DriveWorks SDK Reference
3.0.4260 Release
For Test and Development only

Memory Management Policies and Multithreading
Note
SW Release Applicability: This tutorial is applicable to modules in both NVIDIA DriveWorks and NVIDIA DRIVE Software releases.

The NVIDIA® DriveWorks memory management policy defines conventions intended to protect modules from memory corruption during runtime.

Memory Management

For modules that require memory, the preferred method is static allocation (on the stack). When that is not possible, memory allocation is controlled with these conventions:

  • During initialization/creation, modules use a memory allocator to dynamically allocate memory (on the heap). DriveWorks provides a default memory allocator; however, you can also supply your own custom memory allocator. See Using Custom Memory Allocators (below) and Core Dynamic Memory.
  • Memory allocator APIs allocate dynamic memory only during initialization time (before runtime mode begins). With this restriction, dynamic memory allocation provides similar protections to static memory allocation.
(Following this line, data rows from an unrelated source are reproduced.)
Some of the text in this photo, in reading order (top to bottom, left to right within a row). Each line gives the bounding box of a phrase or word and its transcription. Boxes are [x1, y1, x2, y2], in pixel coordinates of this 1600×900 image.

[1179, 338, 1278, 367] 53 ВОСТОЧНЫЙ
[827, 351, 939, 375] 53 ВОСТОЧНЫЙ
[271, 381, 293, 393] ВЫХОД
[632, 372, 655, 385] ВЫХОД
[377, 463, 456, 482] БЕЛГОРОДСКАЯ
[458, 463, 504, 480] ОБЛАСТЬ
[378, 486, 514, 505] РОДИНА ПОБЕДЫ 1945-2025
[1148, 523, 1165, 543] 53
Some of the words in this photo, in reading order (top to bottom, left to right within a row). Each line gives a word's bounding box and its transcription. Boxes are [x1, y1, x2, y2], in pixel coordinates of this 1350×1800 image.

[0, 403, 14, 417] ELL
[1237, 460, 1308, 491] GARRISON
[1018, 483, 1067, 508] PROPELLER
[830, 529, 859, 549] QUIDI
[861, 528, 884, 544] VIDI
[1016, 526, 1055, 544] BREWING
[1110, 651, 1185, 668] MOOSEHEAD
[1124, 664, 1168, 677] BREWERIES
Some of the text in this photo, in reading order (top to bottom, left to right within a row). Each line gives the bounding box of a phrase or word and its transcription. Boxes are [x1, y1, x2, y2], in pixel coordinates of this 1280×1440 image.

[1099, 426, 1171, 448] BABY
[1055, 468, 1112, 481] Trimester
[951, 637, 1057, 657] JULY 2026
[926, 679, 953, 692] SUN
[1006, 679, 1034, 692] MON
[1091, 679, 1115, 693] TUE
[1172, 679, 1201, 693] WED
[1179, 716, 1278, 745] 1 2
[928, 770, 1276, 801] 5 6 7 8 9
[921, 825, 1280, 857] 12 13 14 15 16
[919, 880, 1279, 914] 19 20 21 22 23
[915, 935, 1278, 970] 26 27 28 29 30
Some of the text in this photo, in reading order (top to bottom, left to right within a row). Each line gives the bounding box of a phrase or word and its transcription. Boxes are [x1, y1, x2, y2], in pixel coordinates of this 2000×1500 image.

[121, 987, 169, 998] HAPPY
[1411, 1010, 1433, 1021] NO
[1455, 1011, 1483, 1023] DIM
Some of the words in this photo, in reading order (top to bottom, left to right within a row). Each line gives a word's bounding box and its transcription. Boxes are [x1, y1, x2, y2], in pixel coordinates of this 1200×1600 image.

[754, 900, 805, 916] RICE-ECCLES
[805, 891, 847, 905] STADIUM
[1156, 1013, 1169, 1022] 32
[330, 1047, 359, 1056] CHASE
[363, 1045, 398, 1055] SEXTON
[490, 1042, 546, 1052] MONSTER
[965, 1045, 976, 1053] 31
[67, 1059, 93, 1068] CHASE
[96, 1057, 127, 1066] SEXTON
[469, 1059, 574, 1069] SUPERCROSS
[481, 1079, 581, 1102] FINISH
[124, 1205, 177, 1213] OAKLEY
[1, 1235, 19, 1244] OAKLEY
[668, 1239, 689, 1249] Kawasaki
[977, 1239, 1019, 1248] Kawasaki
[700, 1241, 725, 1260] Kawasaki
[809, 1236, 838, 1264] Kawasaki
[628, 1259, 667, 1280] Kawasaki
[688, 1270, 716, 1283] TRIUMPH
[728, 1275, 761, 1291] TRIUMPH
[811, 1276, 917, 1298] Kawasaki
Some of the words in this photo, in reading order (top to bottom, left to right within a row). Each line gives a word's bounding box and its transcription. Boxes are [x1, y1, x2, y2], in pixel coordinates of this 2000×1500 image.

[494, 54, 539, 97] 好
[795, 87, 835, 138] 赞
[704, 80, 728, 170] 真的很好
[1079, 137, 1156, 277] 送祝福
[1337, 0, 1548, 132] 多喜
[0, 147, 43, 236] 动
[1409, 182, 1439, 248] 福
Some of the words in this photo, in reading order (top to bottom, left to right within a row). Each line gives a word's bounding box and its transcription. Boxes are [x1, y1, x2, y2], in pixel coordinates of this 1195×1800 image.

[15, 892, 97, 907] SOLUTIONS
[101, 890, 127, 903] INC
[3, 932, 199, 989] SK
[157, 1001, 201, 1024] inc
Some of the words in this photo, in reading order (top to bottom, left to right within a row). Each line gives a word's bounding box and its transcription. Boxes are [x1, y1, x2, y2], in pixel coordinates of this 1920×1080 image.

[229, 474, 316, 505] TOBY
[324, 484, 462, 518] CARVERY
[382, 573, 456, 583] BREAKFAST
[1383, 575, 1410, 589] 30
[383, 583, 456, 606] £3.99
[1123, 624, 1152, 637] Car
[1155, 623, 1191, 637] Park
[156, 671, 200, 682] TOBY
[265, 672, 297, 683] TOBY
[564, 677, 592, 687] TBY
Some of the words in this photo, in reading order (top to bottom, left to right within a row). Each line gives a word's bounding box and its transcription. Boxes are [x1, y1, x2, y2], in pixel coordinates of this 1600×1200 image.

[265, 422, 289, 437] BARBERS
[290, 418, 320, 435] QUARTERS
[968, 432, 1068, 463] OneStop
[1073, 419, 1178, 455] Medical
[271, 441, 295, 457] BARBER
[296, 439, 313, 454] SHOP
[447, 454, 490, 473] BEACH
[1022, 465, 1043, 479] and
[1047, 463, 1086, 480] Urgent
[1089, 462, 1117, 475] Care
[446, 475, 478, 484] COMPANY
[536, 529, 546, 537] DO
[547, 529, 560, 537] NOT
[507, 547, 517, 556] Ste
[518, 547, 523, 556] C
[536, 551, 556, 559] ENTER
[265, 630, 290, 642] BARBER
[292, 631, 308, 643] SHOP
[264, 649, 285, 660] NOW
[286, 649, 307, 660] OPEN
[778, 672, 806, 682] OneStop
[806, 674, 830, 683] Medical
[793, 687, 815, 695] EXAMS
Using Custom Memory Allocators

Before initializing a context, you can pass an instance of a custom memory allocator to the SDK. The SDK then uses the memory allocator to perform dynamic memory allocations.

Note
SDK modules do perform dynamic allocations only during initialization/creation time and perform no allocations at runtime.
// setup memory allocator
dwDynamicMemory_initialize(myMalloc, myFree, myContext);
// initialize SDK
dwInitialize(&sdkContext, DW_VERSION, &contextParams);
...
// do processing
...
// release SDK context
dwRelease(&sdkContext);
// release memory allocator
Note
As of this release, the user allocator is global. As such, it is not bound to a specific SDK context.

Thread Safety

Currently, the methods that DriveWorks modules expose do not follow any thread- safety paradigm. To avoid the overhead of memory locks, DriveWorks methods are considered to be non-thread safe. The exceptions are methods with documentation that explicitly indicate a thread-safe implementation.

Applications are responsible for implementing thread-safety, if such is required.